Como hijo de mi tiempo, poseo redes sociales. En una de ellas contemplé una frase que decía: “hasta el año próximo padre” con una foto de una de nuestras devociones.

Aquello, me llevó a una profunda reflexión: ¿Dios es tan solo una vez al año o es durante todo el año? Hazla suya también esta cuestión. Lo que a mí respecta voy a intentar contestarla brevemente, compartiendo o no conmigo mi humilde respuesta.

Para comenzar voy a poner un ejemplo sencillo, humano y cotidiano. ¿Usted solo visita a su familia una vez al año? Padre, madre, hermanos, esposa, esposo, hijo, hija y demás miembros que considere de su entorno más cercano. Entiendo que usted debe de tener una relación de más de una vez al año, y si no es así, seguramente será en contra de su voluntad y por motivos insalvables.
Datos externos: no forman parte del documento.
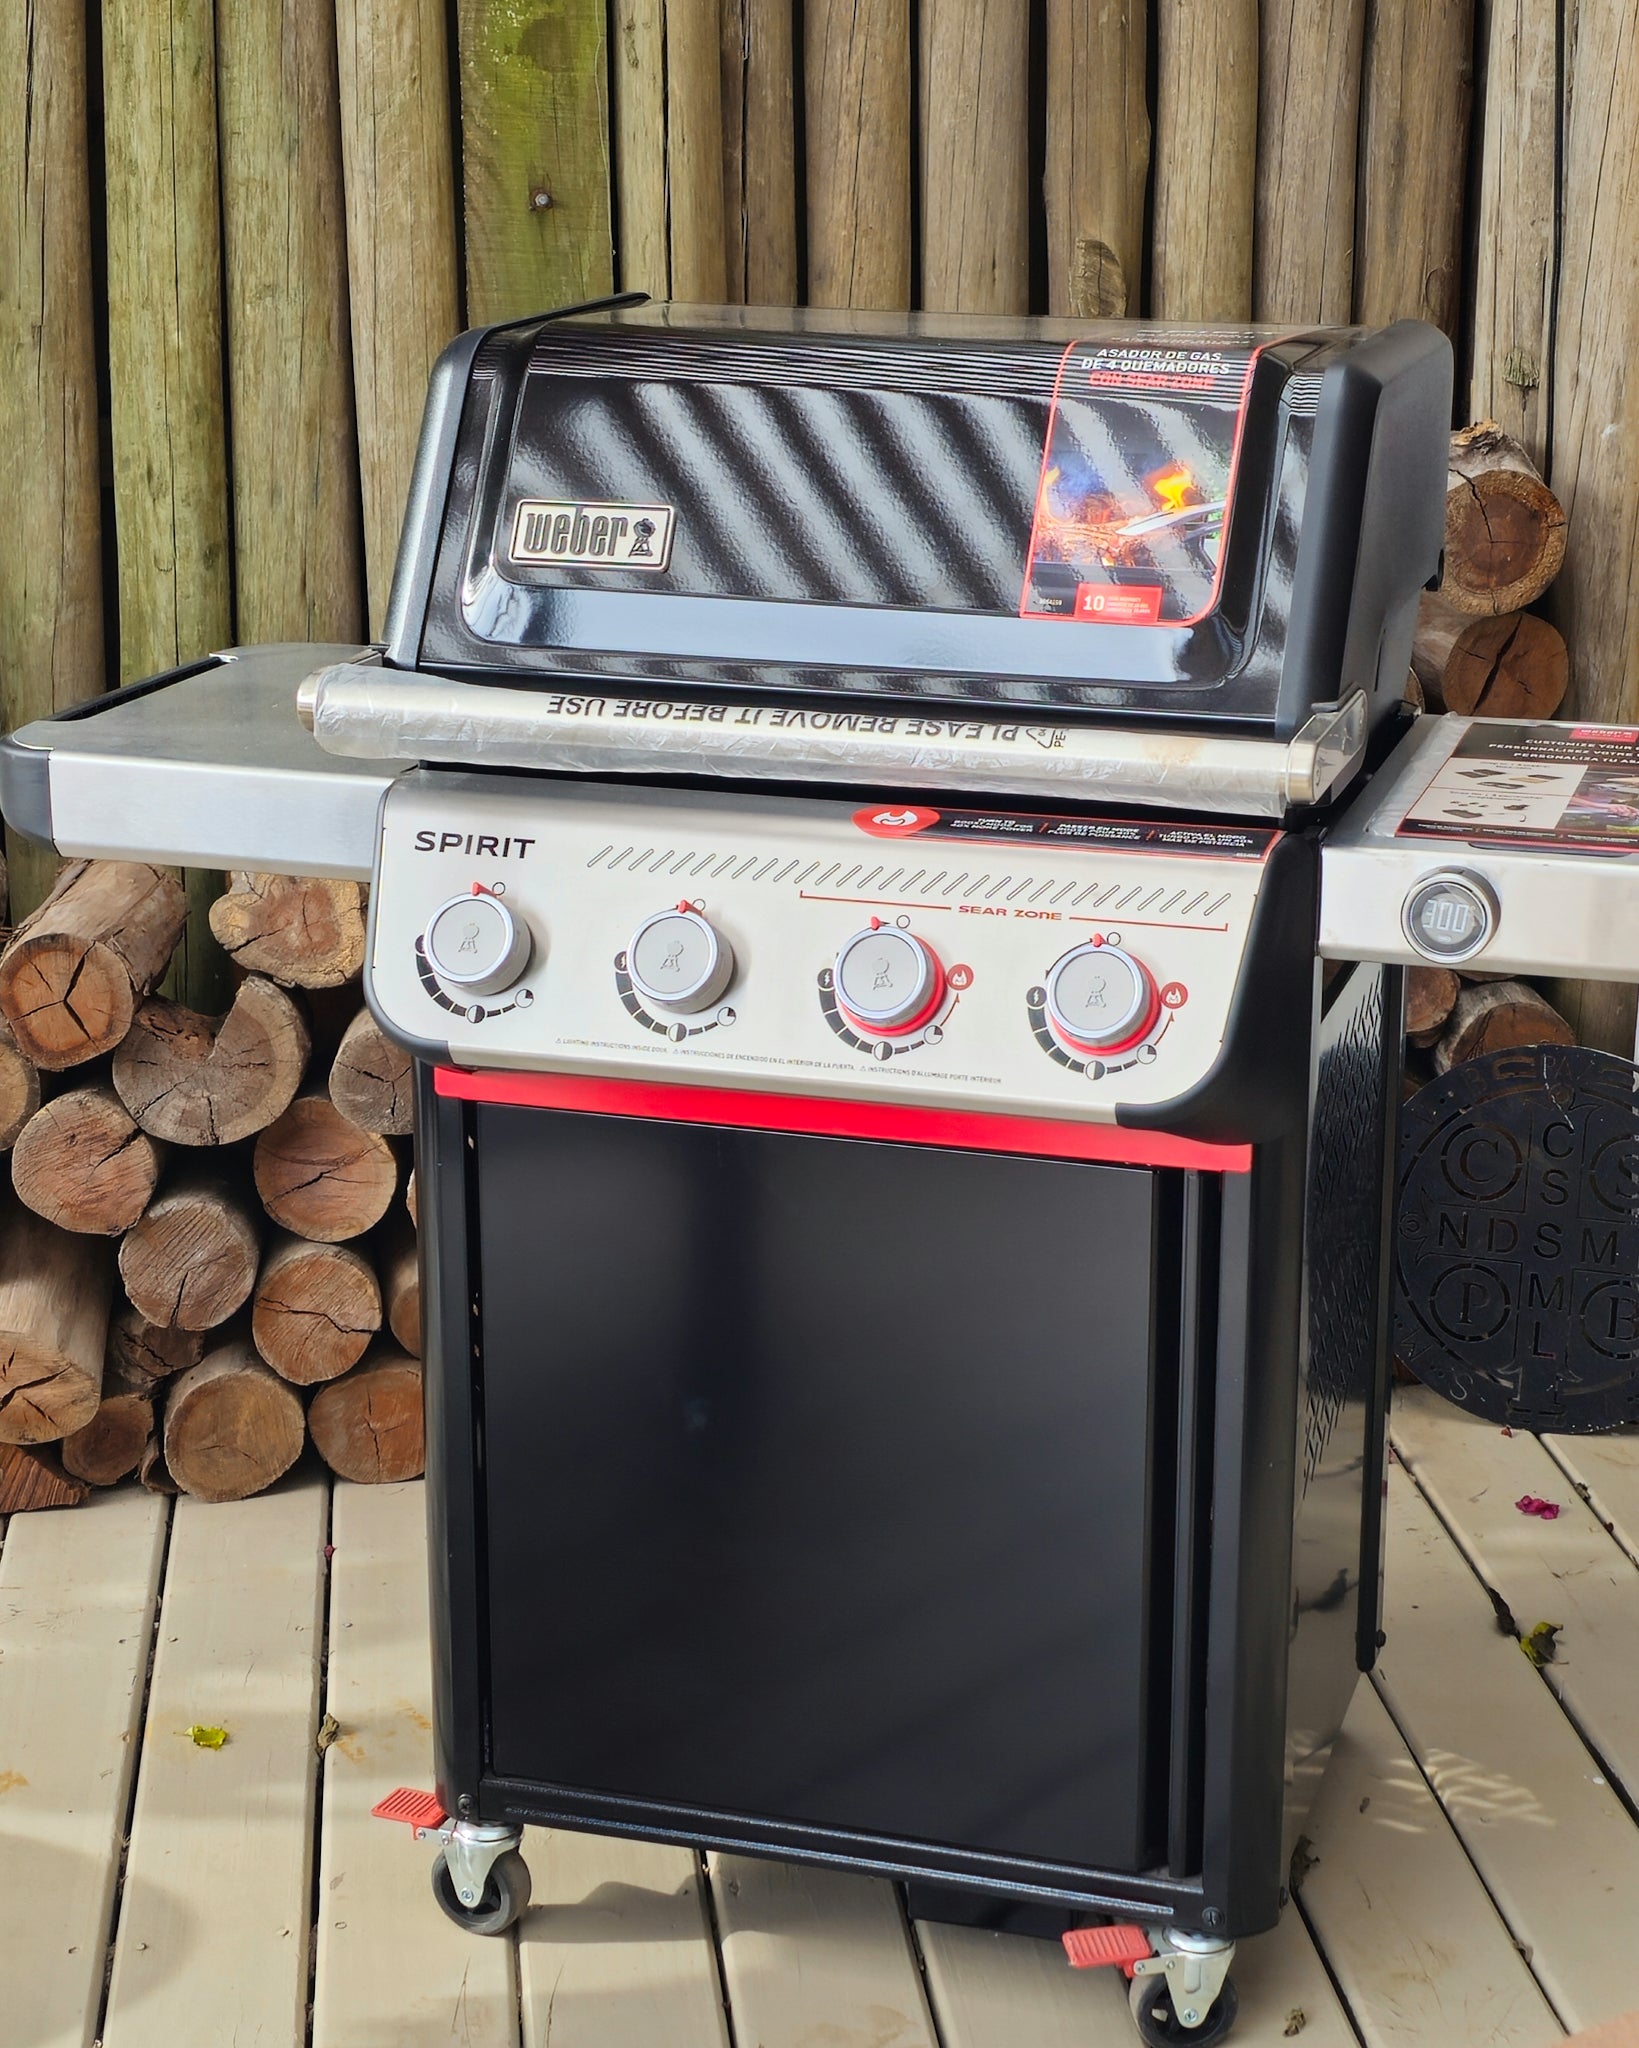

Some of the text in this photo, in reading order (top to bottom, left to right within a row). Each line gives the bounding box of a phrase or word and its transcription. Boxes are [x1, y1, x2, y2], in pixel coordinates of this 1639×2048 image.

[1096, 348, 1222, 361] ASADOR DE GAS
[1081, 358, 1231, 375] DE 4 QUEMADORES
[523, 505, 629, 557] weber
[1082, 595, 1105, 611] 10
[547, 695, 606, 717] USE
[613, 699, 729, 723] BEFORE
[734, 708, 761, 725] IT
[769, 709, 899, 734] REMOVE
[1488, 743, 1590, 754] PERSONNALISEZ
[1525, 739, 1596, 748] CUSTOMIZE
[1513, 752, 1599, 762] PERSONALIZA
[414, 830, 536, 859] SPIRIT
[958, 904, 1063, 921] SEAR ZONE
[1422, 899, 1470, 933] 300
[590, 1041, 630, 1050] INSTRUCTIONS
[680, 1049, 725, 1059] INSTRUCCIONES
[867, 1066, 910, 1075] INSTRUCTIONS
[1460, 1138, 1499, 1183] C
[1456, 1282, 1490, 1326] P
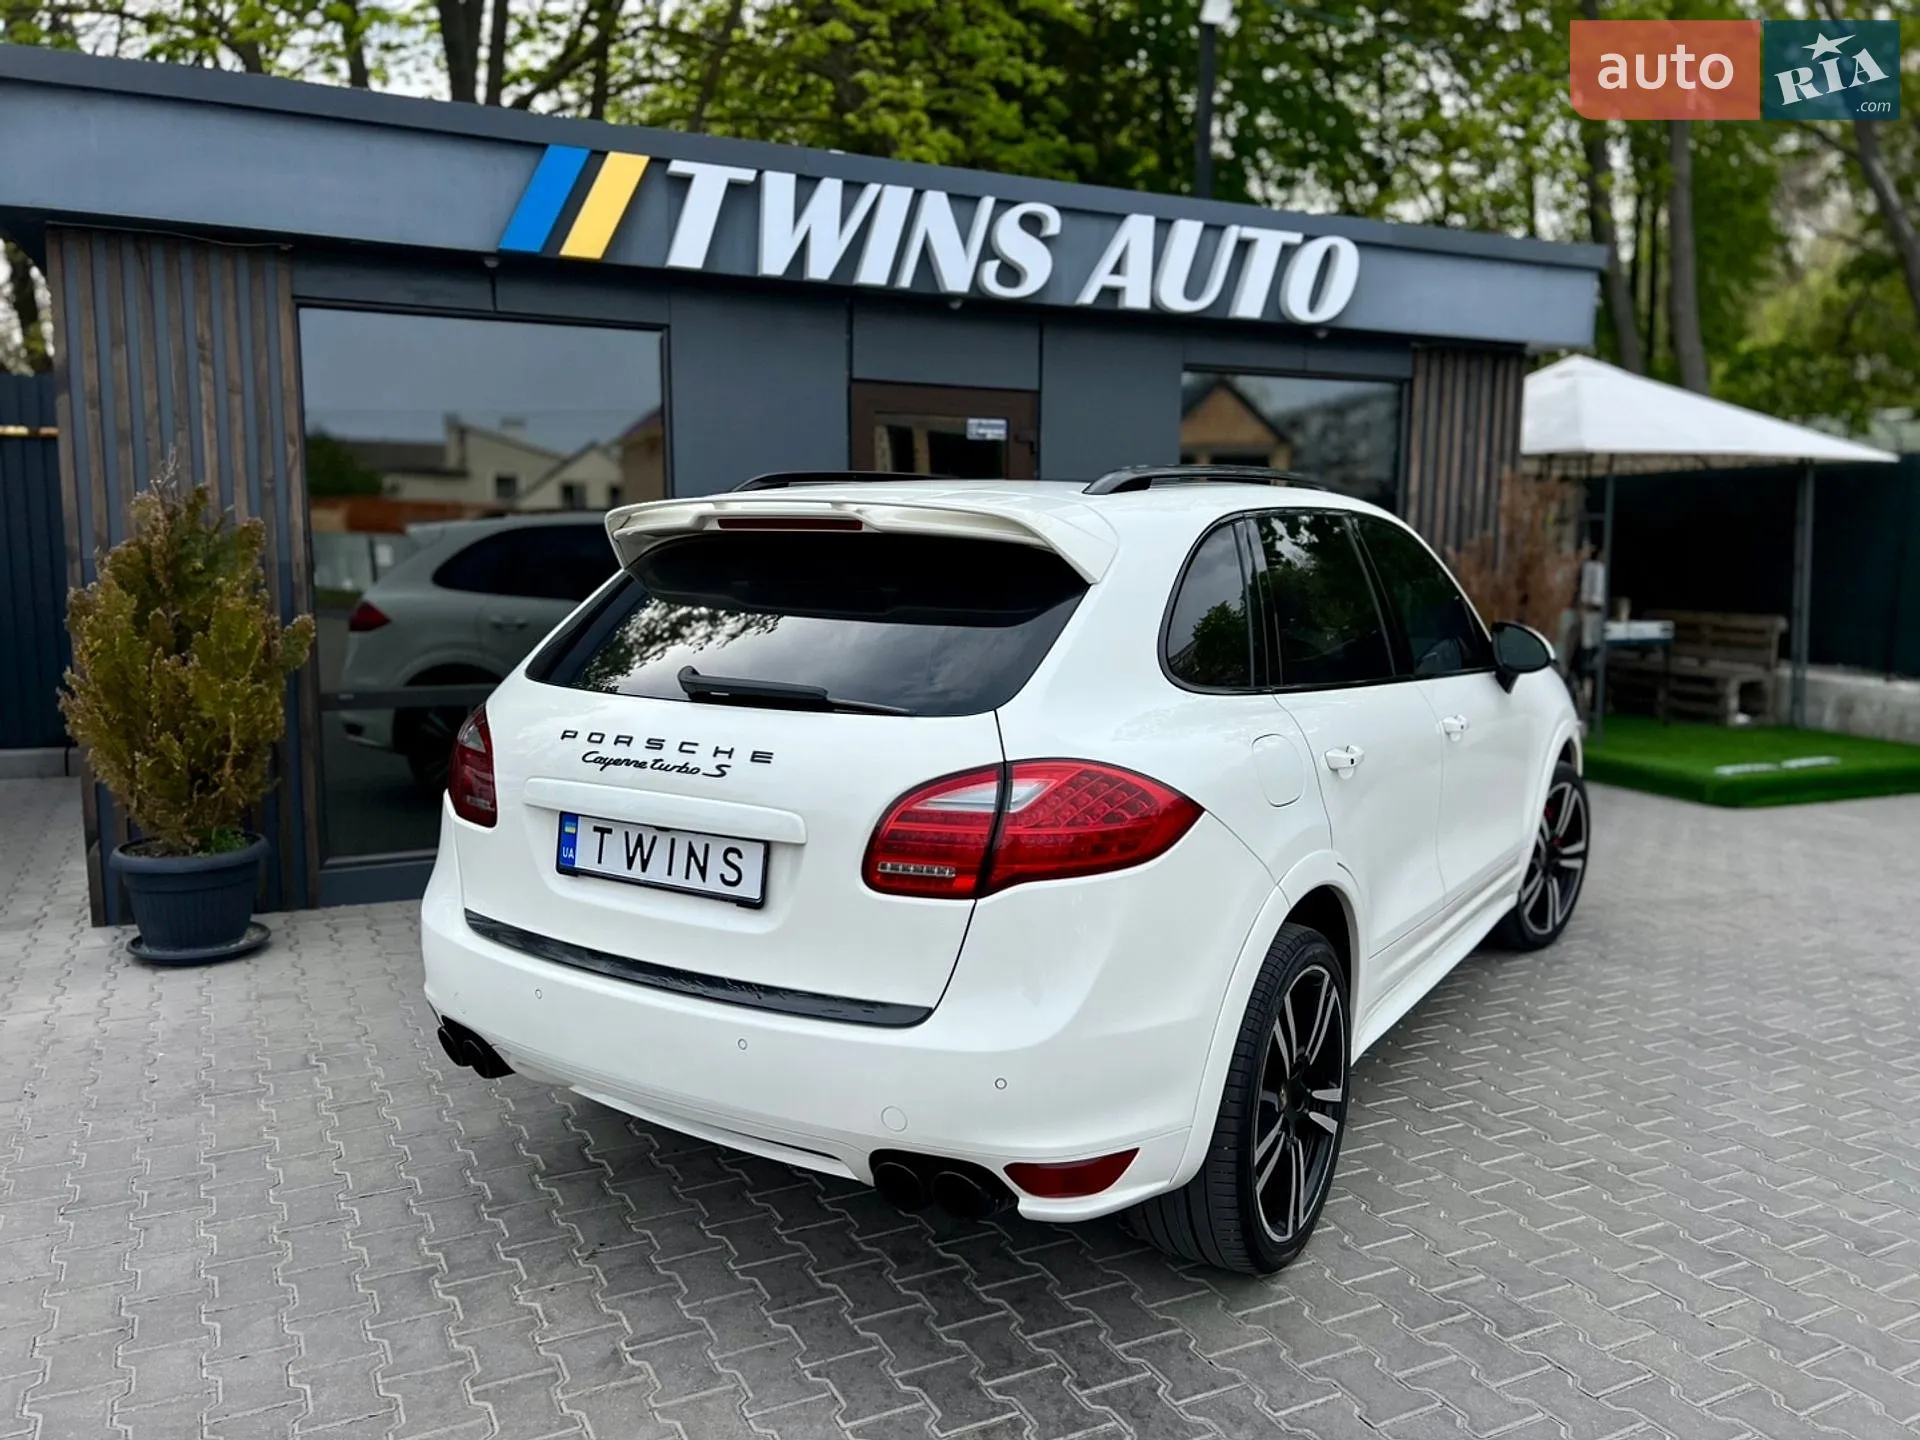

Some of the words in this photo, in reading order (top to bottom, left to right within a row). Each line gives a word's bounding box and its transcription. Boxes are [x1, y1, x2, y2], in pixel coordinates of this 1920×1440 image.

[665, 159, 1062, 298] TWINS
[1075, 213, 1360, 324] AUTO
[560, 730, 774, 764] PORSCHE
[581, 751, 648, 771] Cayenne
[650, 758, 701, 775] turbo
[702, 764, 732, 778] S
[562, 846, 575, 859] UA
[593, 825, 743, 887] TWINS
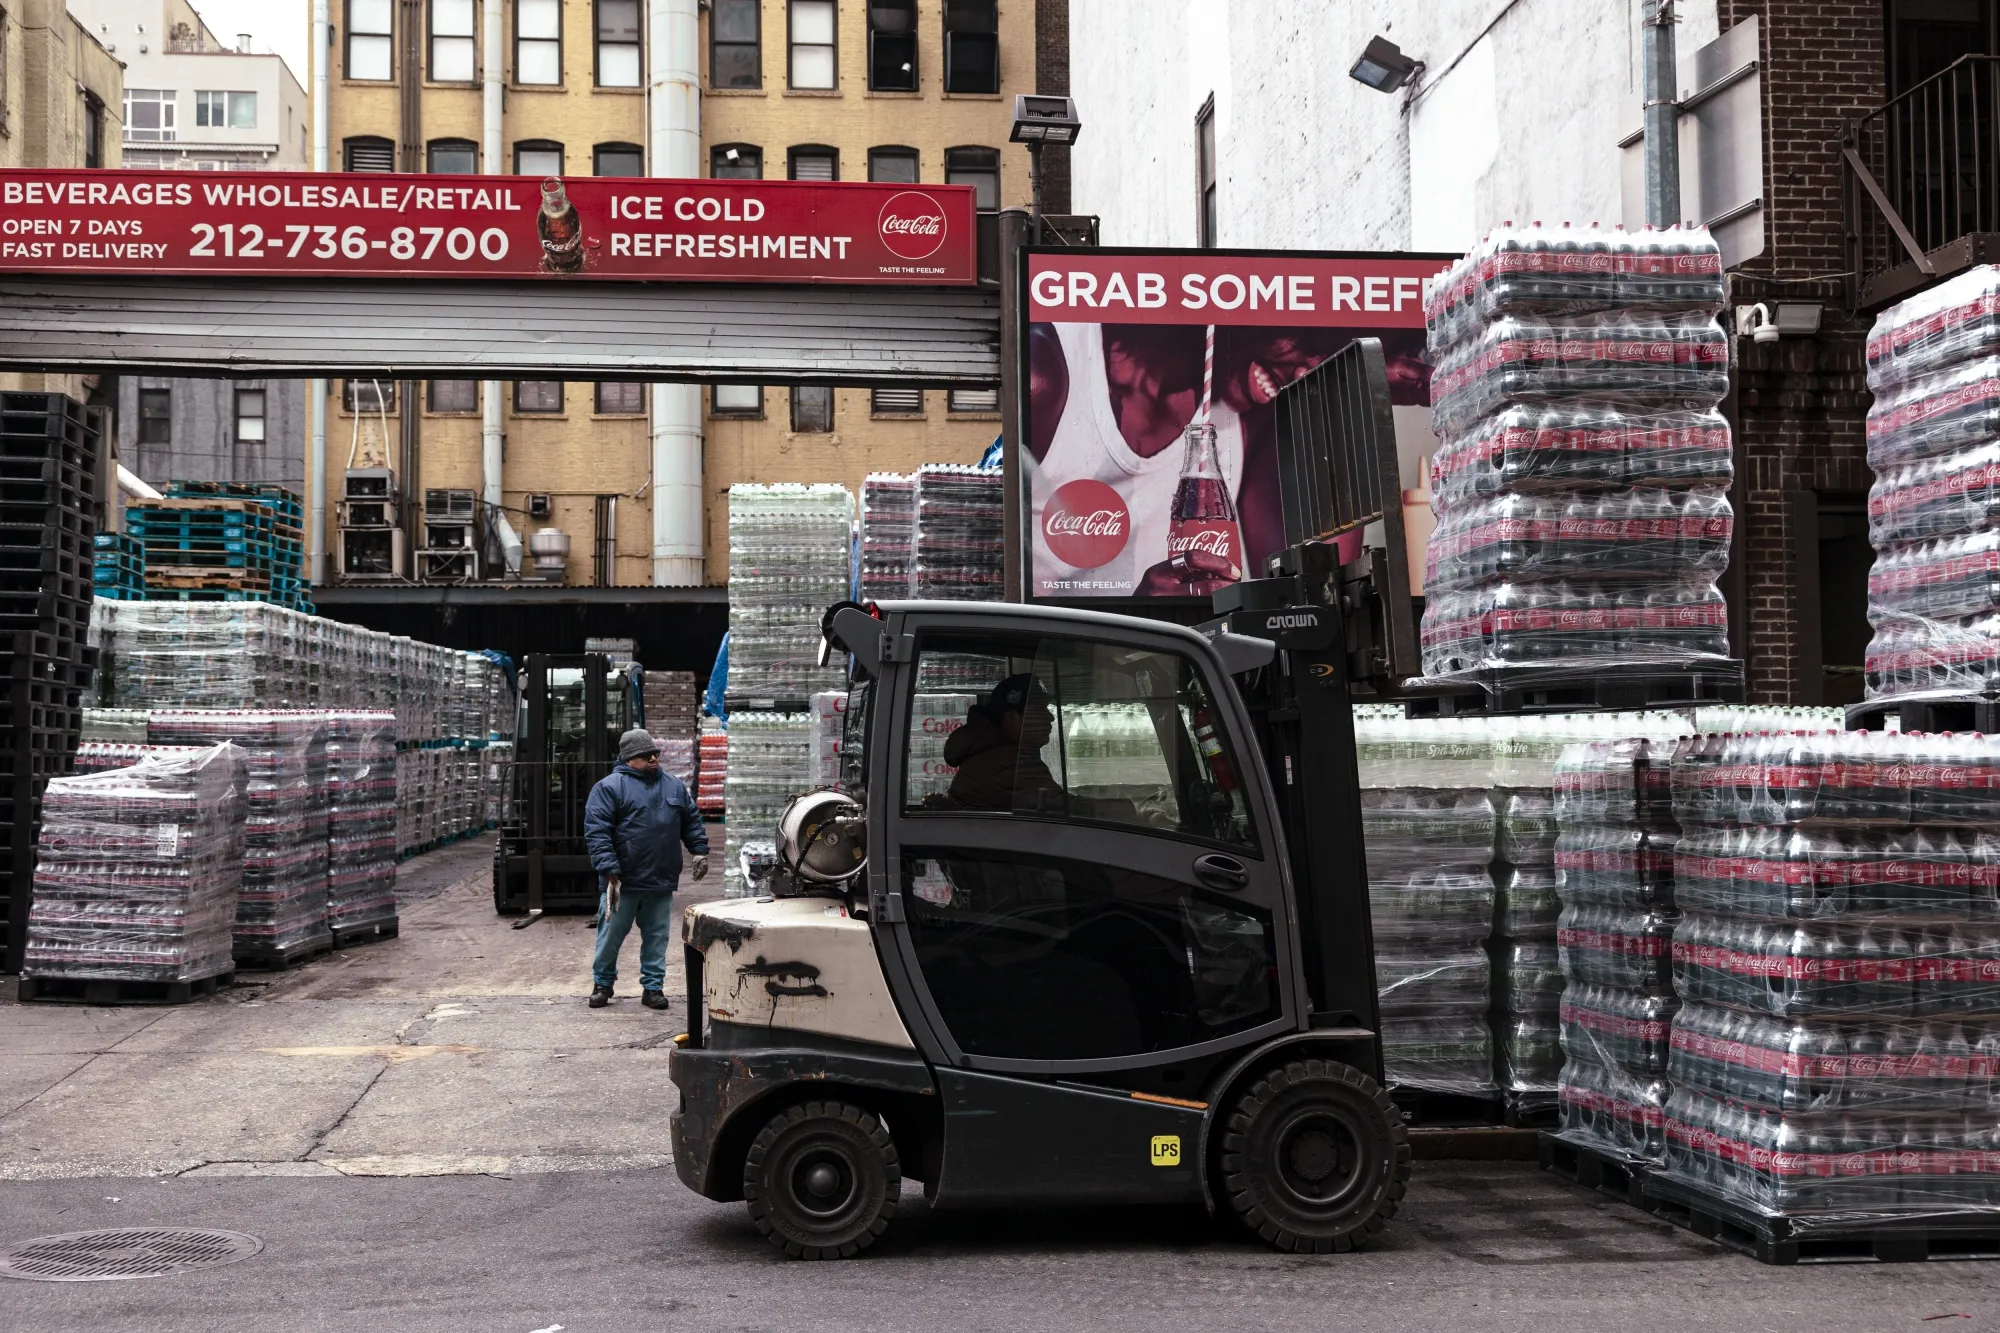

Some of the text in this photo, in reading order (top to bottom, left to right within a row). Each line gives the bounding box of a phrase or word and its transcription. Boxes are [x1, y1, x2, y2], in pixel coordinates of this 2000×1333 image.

En cambio, si usted, pertenece a una hermandad, siendo desde un simple hermano responsable en abonar sus cuotas, hasta el Hermano Mayor o Presidente de una hermandad, ¿Solo visita a sus titulares cuando de año en año, cuando es Semana Santa? ¡Qué lástima!

Ciertamente, la Semana Santa, es un periodo litúrgico especialmente de gracia. Con su Santo Triduo Pascual, en donde se conmemora intensamente y especialmente, la pasión, muerte y resurrección de Nuestro Señor Jesucristo.

En cambio, nuestra fe nos dice que en cada Santa Misa, Santo Sacrificio del Altar o Eucaristía de nuevo nos entramos en Semana Santa, debido a que Nuestro Señor Jesucristo se vuelve a entregar como lo hizo en el Viernes Santo. “Estando, pues, nuestro Salvador para partirse de este mundo a su Padre, instituyó este Sacramento, el cual como que echó el resto de las riquezas de su divino amor para con los hombres dejándonos un monumento de sus maravillas, y mandándonos que al recibirse recordásemos con veneración su memoria, y anunciásemos su muerte hasta tanto que el mismo vuelva a juzgar al mundo” Concilio de Trento CAP. II, DEL DECRETO DEL SOBRE EL SANTÍSIMO SACRAMENTO DE LA EUCARISTÍA.

En consecuencia, cada día de los 365 días del año, a excepción del Viernes Santo (Semana Santa) se celebra la Santa Misa, y es Semana Santa todos los días.